MATERIAL FOR THE TASK:
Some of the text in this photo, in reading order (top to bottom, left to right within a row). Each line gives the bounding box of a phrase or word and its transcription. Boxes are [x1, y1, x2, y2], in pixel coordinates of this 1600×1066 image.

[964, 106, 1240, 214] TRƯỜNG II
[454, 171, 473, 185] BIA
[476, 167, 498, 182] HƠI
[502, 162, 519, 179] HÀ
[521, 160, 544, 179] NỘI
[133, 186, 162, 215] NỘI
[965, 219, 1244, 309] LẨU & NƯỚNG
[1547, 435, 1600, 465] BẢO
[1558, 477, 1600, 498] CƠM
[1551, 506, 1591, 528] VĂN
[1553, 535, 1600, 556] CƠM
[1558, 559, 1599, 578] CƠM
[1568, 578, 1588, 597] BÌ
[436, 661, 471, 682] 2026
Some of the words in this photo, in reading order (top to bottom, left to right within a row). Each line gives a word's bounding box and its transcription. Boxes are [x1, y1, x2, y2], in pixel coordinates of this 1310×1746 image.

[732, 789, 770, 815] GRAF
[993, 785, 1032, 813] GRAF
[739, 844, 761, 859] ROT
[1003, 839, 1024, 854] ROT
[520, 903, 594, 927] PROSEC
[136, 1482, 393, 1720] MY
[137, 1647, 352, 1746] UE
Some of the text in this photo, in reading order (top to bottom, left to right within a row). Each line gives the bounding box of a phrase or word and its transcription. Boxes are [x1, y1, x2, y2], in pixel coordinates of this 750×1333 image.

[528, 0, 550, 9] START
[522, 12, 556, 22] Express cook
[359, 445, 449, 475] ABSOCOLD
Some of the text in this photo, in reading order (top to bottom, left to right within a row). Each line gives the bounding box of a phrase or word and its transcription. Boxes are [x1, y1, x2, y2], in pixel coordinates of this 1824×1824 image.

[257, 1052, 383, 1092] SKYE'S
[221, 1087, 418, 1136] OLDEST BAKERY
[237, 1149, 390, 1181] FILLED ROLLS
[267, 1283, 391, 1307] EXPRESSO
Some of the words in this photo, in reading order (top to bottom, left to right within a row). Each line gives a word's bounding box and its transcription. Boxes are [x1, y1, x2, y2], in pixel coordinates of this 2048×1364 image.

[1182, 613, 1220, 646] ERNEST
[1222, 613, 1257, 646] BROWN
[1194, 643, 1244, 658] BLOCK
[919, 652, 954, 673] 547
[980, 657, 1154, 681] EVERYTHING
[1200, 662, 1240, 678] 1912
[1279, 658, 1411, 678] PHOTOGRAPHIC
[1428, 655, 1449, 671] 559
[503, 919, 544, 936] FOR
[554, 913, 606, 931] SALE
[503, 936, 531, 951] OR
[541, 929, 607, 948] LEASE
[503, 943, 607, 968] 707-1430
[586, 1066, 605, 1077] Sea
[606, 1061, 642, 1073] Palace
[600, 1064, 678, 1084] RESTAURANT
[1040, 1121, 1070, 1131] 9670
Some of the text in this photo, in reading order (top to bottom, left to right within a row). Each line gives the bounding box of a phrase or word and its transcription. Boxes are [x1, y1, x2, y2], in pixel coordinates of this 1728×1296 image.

TASK DIRECTIONS: Print the complete listing again, exactly as it stands.

EXPECTED OUTPUT:
Some of the text in this photo, in reading order (top to bottom, left to right within a row). Each line gives the bounding box of a phrase or word and its transcription. Boxes are [x1, y1, x2, y2], in pixel coordinates of this 1600×1066 image.

[964, 106, 1240, 214] TRƯỜNG II
[454, 171, 473, 185] BIA
[476, 167, 498, 182] HƠI
[502, 162, 519, 179] HÀ
[521, 160, 544, 179] NỘI
[133, 186, 162, 215] NỘI
[965, 219, 1244, 309] LẨU & NƯỚNG
[1547, 435, 1600, 465] BẢO
[1558, 477, 1600, 498] CƠM
[1551, 506, 1591, 528] VĂN
[1553, 535, 1600, 556] CƠM
[1558, 559, 1599, 578] CƠM
[1568, 578, 1588, 597] BÌ
[436, 661, 471, 682] 2026
Some of the words in this photo, in reading order (top to bottom, left to right within a row). Each line gives a word's bounding box and its transcription. Boxes are [x1, y1, x2, y2], in pixel coordinates of this 1310×1746 image.

[732, 789, 770, 815] GRAF
[993, 785, 1032, 813] GRAF
[739, 844, 761, 859] ROT
[1003, 839, 1024, 854] ROT
[520, 903, 594, 927] PROSEC
[136, 1482, 393, 1720] MY
[137, 1647, 352, 1746] UE
Some of the text in this photo, in reading order (top to bottom, left to right within a row). Each line gives the bounding box of a phrase or word and its transcription. Boxes are [x1, y1, x2, y2], in pixel coordinates of this 750×1333 image.

[528, 0, 550, 9] START
[522, 12, 556, 22] Express cook
[359, 445, 449, 475] ABSOCOLD
Some of the text in this photo, in reading order (top to bottom, left to right within a row). Each line gives the bounding box of a phrase or word and its transcription. Boxes are [x1, y1, x2, y2], in pixel coordinates of this 1824×1824 image.

[257, 1052, 383, 1092] SKYE'S
[221, 1087, 418, 1136] OLDEST BAKERY
[237, 1149, 390, 1181] FILLED ROLLS
[267, 1283, 391, 1307] EXPRESSO
Some of the words in this photo, in reading order (top to bottom, left to right within a row). Each line gives a word's bounding box and its transcription. Boxes are [x1, y1, x2, y2], in pixel coordinates of this 2048×1364 image.

[1182, 613, 1220, 646] ERNEST
[1222, 613, 1257, 646] BROWN
[1194, 643, 1244, 658] BLOCK
[919, 652, 954, 673] 547
[980, 657, 1154, 681] EVERYTHING
[1200, 662, 1240, 678] 1912
[1279, 658, 1411, 678] PHOTOGRAPHIC
[1428, 655, 1449, 671] 559
[503, 919, 544, 936] FOR
[554, 913, 606, 931] SALE
[503, 936, 531, 951] OR
[541, 929, 607, 948] LEASE
[503, 943, 607, 968] 707-1430
[586, 1066, 605, 1077] Sea
[606, 1061, 642, 1073] Palace
[600, 1064, 678, 1084] RESTAURANT
[1040, 1121, 1070, 1131] 9670
Some of the text in this photo, in reading order (top to bottom, left to right within a row). Each line gives the bounding box of a phrase or word and its transcription. Boxes are [x1, y1, x2, y2], in pixel coordinates of this 1728×1296 image.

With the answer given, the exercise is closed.